Marina Luzzi, Avvenire 29/11/2012, 29 novembre 2012
«CONTRO LA DIOSSINA NON BASTA ADEGUARE GLI IMPIANTI
In principio fu la diossina nel latte materno. Parliamo di qualche anno fa quando si scoprì, analizzando un campione di giovani mamme tarantine tra i ventotto e i trent’anni che il quantitativo di diossina presente nel latte era di venticinque volte superiore alla media nazionale. Ai tempi però la cosa venne archiviata come un inutile allarme, considerando che si trattava di indagini empiriche su un numero limitato di donne, commissionate da ambientalisti.
Di lì a poco però si scoprì che la diossina era anche nei formaggi e in tutti i tipi di sostanze grasse alimentari, fino ad arrivare ad avvelenare la catena alimentare. Ad oggi a Taranto sono stati abbattuti oltre duemila ovini e caprini risultati contaminati: capre e pecore che pascolavano in allevamenti a due passi dallo stabilimento siderurgico. Poi è toccato a migliaia di tonnellate di mitili.

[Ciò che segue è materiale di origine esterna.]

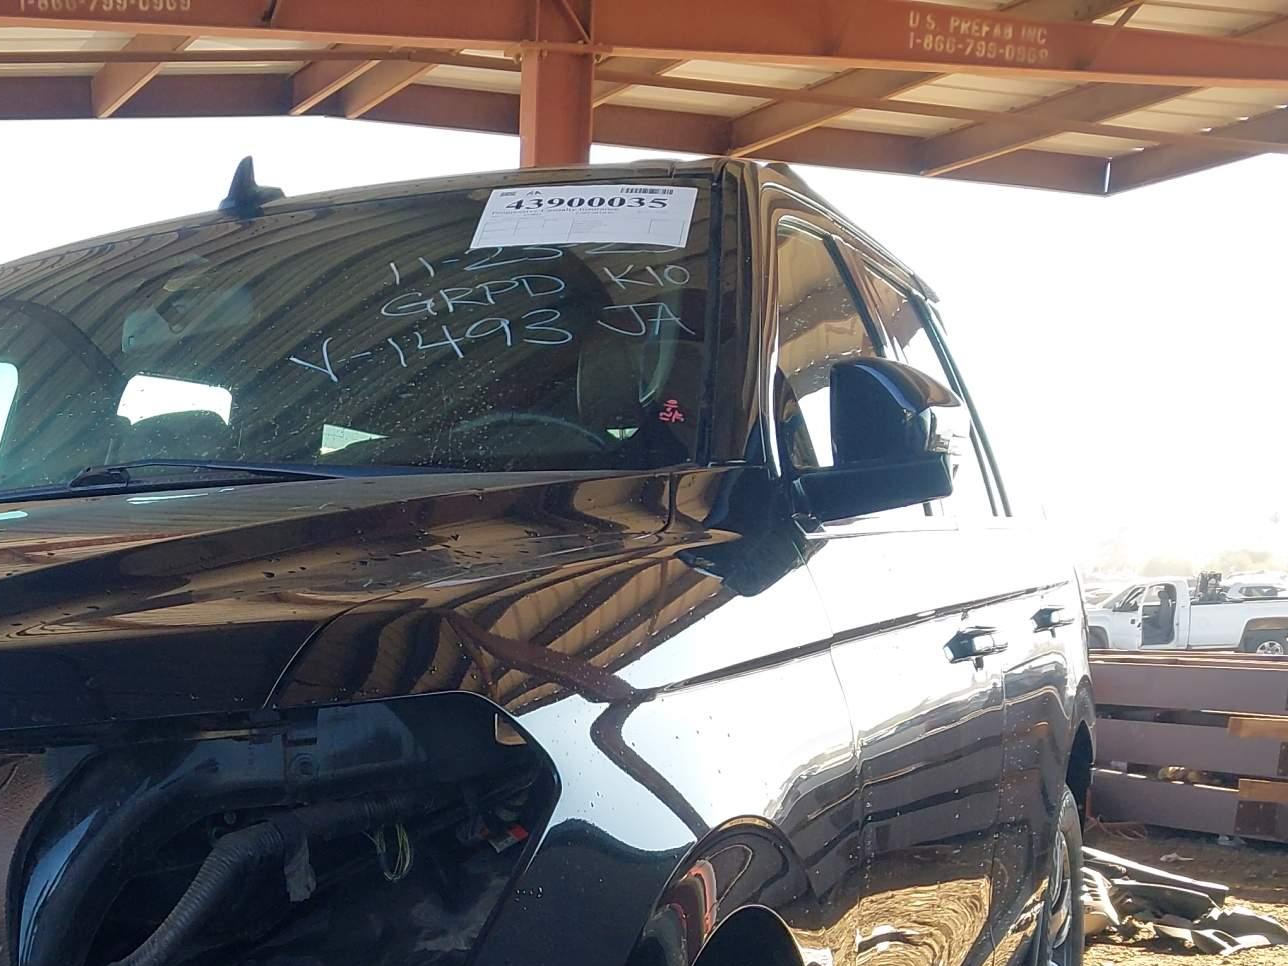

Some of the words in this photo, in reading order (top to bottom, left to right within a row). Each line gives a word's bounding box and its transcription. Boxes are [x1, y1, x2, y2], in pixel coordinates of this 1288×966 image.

Alessandro Marescotti è presidente di un’associazione che da anni si occupa di sensibilizzare la cittadinanza sui temi ambientali. Oggi dice la sua anche sul decreto legge che il governo varerà in questi giorni per risolvere la questione Ilva. «Anche se da atto amministrativo, l’Autorizzazione Integrata Ambientale si trasformasse in una legge, sarebbe comunque inefficace. Perché ci sia il dissequestro dei reparti da parte della magistratura occorrerà che non vi sia più pericolo per la salute dei cittadini e il pericolo si elimina solo mettendo mano agli impianti. Se l’Aia divenisse legge, lo stabilimento sarebbe fuorilegge perché nessuna reale modifica è stata apportata per adeguare gli impianti». Ma di ambiente a Taranto non si parla solo attraverso i faldoni o le ricerche. Si tratta ormai di un argomento entrato nel sentire comune, nei discorsi della gente, che ha imparato a conoscere cosa siano i policlorobifenili, o che fa un segno di croce quando si nomina il benzo(a)pirene. «A mia cognata hanno tolto l’intestino», «mia nuora ha disfunzioni alla tiroide...». Mentre stendono i panni, triste a dirsi e quasi inverosimile a credersi, non è del tempo o dei figli che parlano le massaie. Il loro è ormai solo un bollettino giornaliero di morti e malattie. Ce n’è una in ogni famiglia. Annamaria Moschetti, pediatra, sensibilizza sul tema dei veleni immessi in aria. «Nel 2010 sono stata dall’allora assessore regionale alla Sanità, Tommaso Fiore, per dirgli che i bambini di Taranto soffrono fin da piccolissimi di gravi problemi respiratori. Mi ha ricevuto, mi ha ascoltato, ma non ha mosso un dito. E la stessa cosa è accaduta quando sono stata a Roma per chiedere che non passasse la norma che permetteva l’emissione incontrollata di benzo(a)pirene. Era il 13 agosto del 2010 e insieme a Marescotti andai a informare la commissione Ambiente della Camera dei deputati e quella bicamerale per l’Infanzia. Fu un nulla di fatto anche in questo caso. L’Arpa poi rivelò che il 98 per cento di benzo(a)pirene presente nel capoluogo ionico era proveniente dalla cookeria dell’Ilva». Taranto però non è solo un polo siderurgico. A inquinare ci pensano anche Eni e Cementir, senza contare ciò che l’Arsenale navale ha lasciato sui fondali di Mar Piccolo.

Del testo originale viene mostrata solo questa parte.